Saturday, February 6, 2021

sloth boxing

I often have trouble getting moving. More and more so, the longer this goes on. When my blood is pumping with cortisol, adrenaline, and endorphins, it gets a lot easier. It becomes sitting still that's difficult. Laziness is a matter of perspective. When we keep moving to avoid the perils of stillness, that too is laziness. It's the overcoming of proclivities that's truly difficult, whichever way we're trying to go.

It helps to have rituals, techniques, and practices to facilitate these transitions. Drugs like caffeine can help us get moving, alcohol can help us wind down, but drugs do little good on their own. I've often spent an hour or so trying to get myself feeling alive enough to start bouncing around like I mean it, but that hasn't been enough lately. As I drag myself into the living room to start working out, I've found that it also helps to just start shadow boxing, even with no energy at all.

I just go through the motions, weakly, half heartedly, slow and clumsy.
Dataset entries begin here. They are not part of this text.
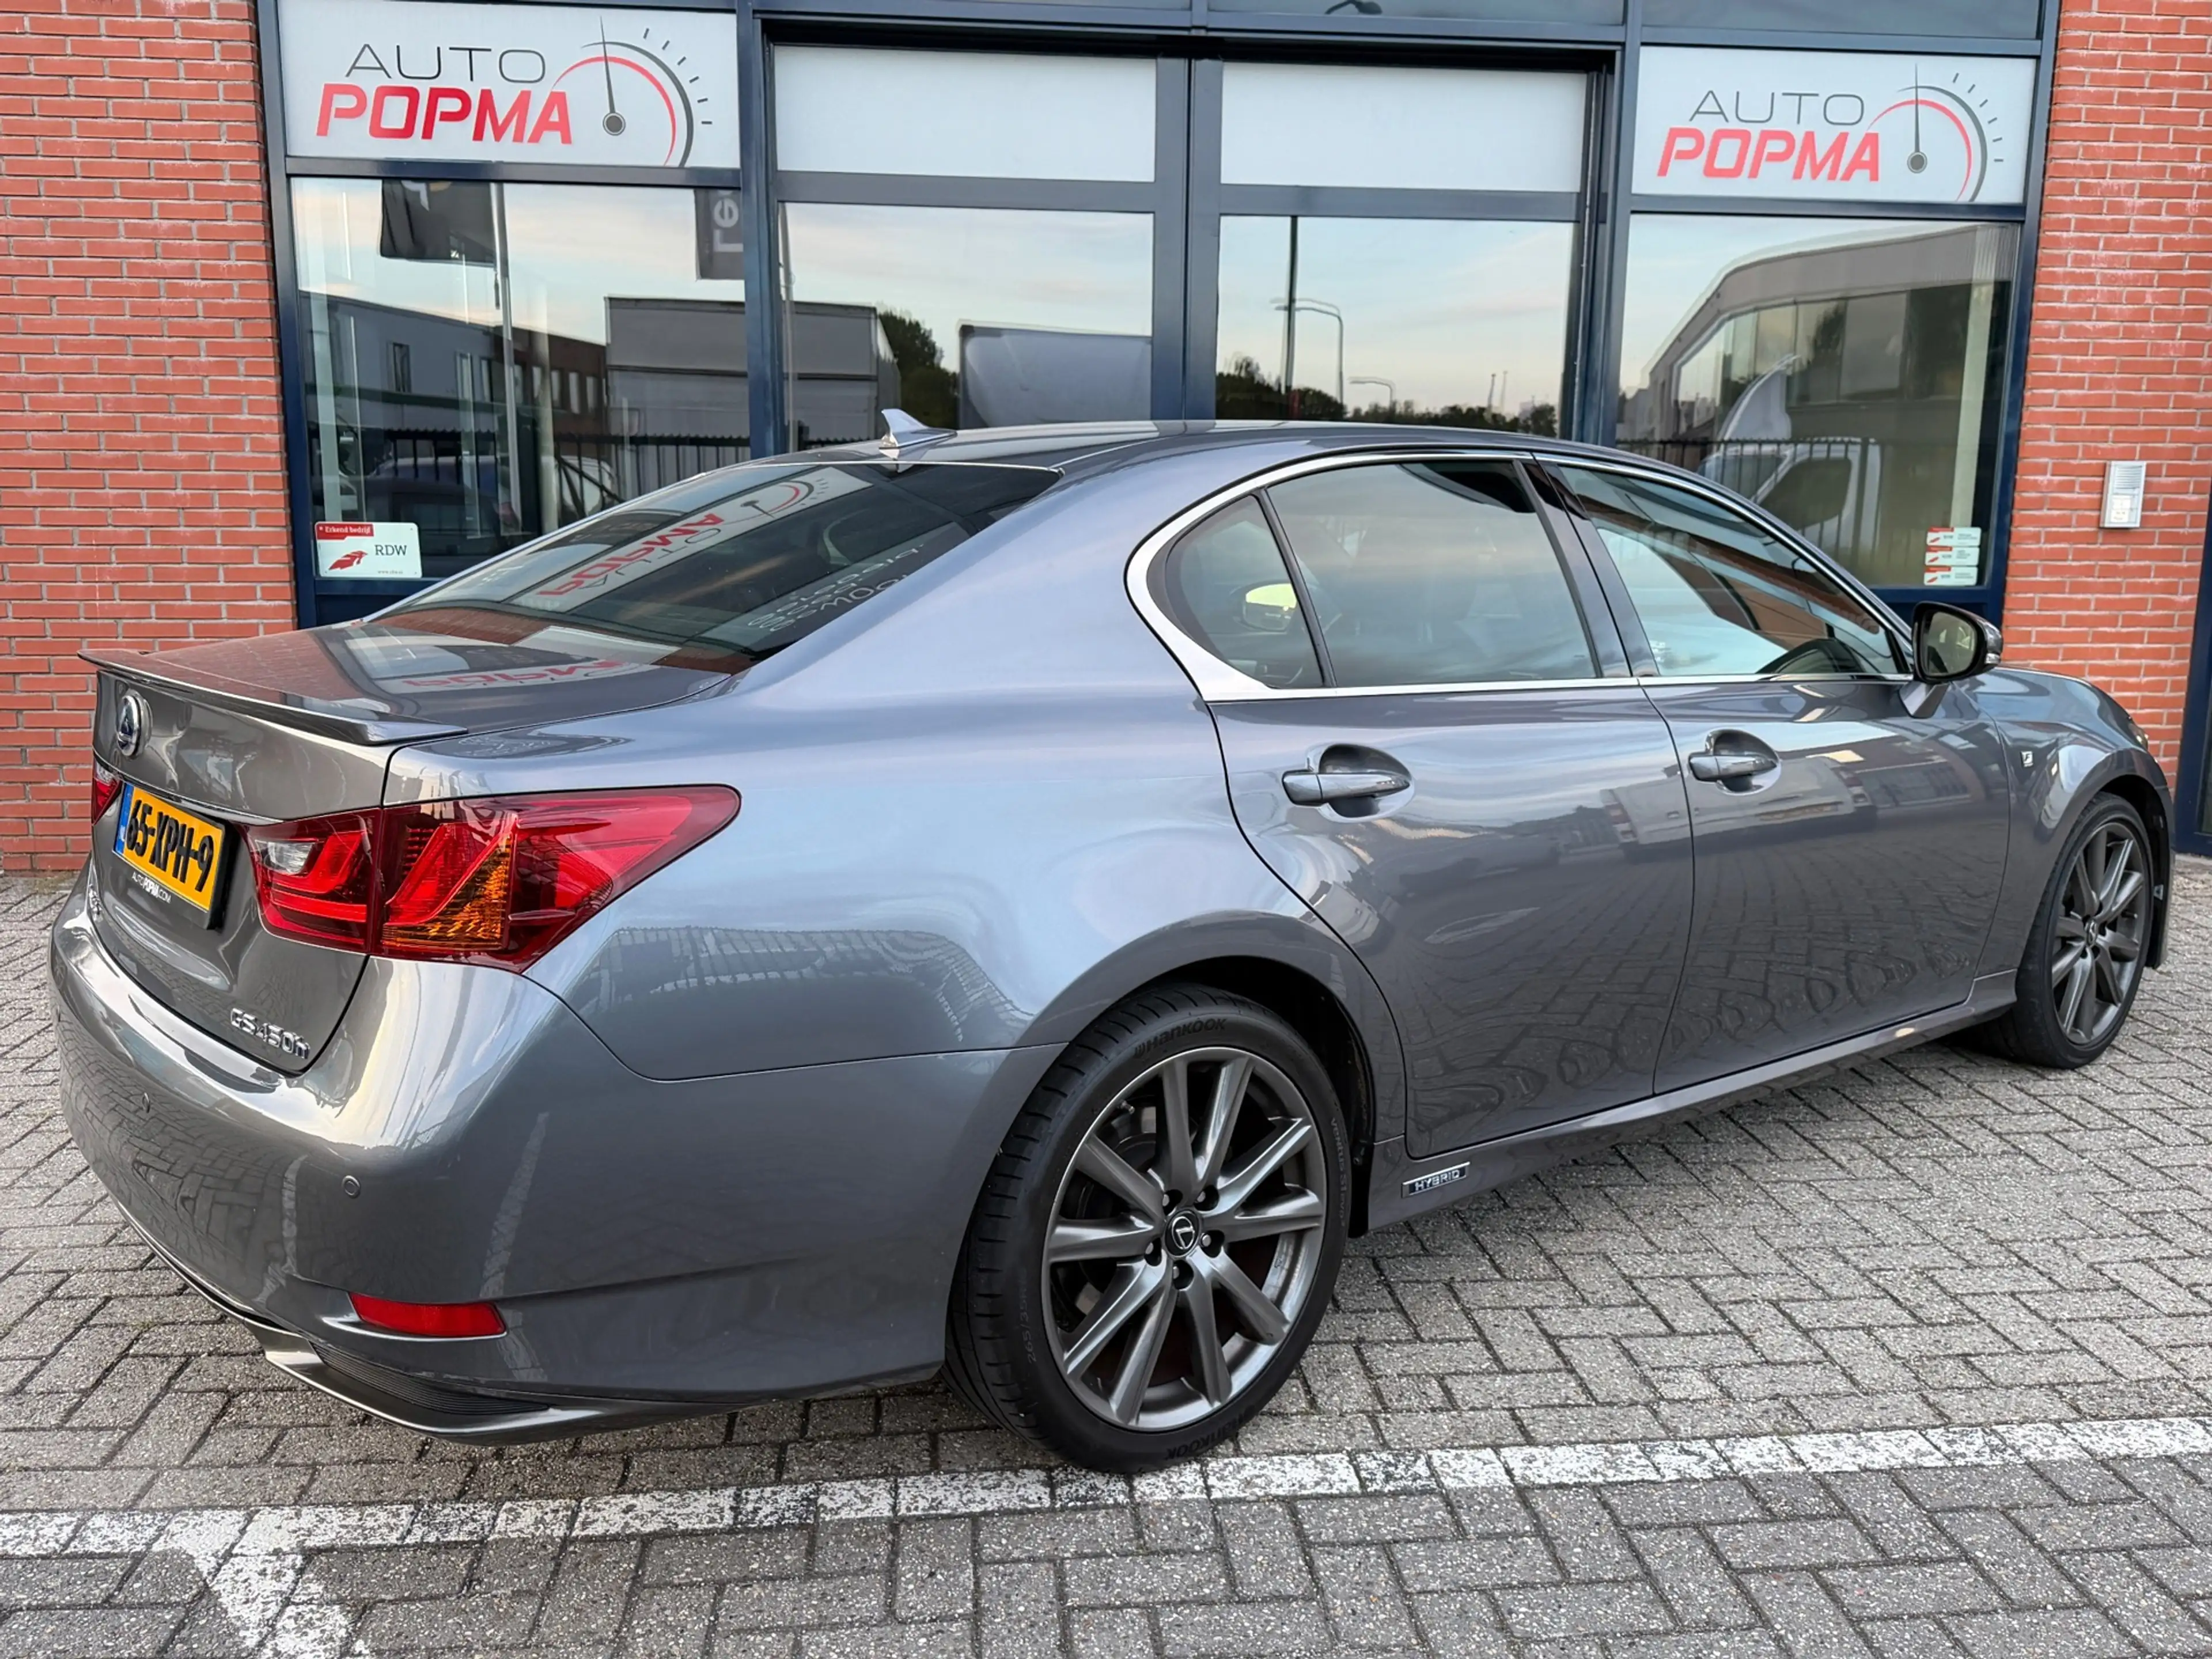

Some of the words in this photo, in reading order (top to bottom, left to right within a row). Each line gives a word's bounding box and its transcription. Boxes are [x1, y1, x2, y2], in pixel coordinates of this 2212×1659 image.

[345, 43, 546, 84] AUTO
[316, 83, 573, 145] POPMA
[1688, 90, 1865, 126] AUTO
[1656, 127, 1880, 182] POPMA
[324, 525, 348, 533] Erkend
[349, 527, 371, 535] bedrijf
[374, 544, 407, 556] RDW
[126, 799, 214, 893] 65-XPH-9
[230, 1007, 258, 1036] GS
[256, 1022, 310, 1059] 450h
[1414, 1169, 1460, 1191] HYBRID
I gradually pick up the pace and focus as I get into it. I try not to get distracted. This can be a challenge, because if I don't get stoned first, I'm too depressed to move at all. Before too long, I'm moving faster and faster. Once I've been breathing hard and sweating for at least a few minutes, I don my gloves and lay into the heavy bag.

On the one hand, I wonder if it seems I'm being hyperbolic. On the other, I know that I hide just how badly I'm doing. In this moment, and over the course of my lifetime. I'm barely holding it together. I neglect all sorts of things, being too busy just trying to get through the day. When I become too depressed to eat at all, I start thinking about how a few days without food could undo months of work. This gets me to eat. Sometimes I picture healthcare workers standing over my cadaver, remarking on how odd it is that I'd work so hard to get into shape, just to throw it away. This keeps me from hanging myself.

Even with vaccines, it's looking like we're never going back to normal. Society will be divided between those who take precautions indefinitely, those who say fuck it, I can't live like this, and those who couldn't live like this. It's looking like I'll try heading back to the gym by March, but I have no idea how that will go. For now, gyms are still a grey area, enforcing whatever precautions they can. Often these measures are woefully inadequate and yet they can't dispense with the charade until more people are vaccinated.

This pandemic seems to have destroyed me. I'm just living it out in slow motion. I'm not getting better, I just keep getting worse. I think I'm dying.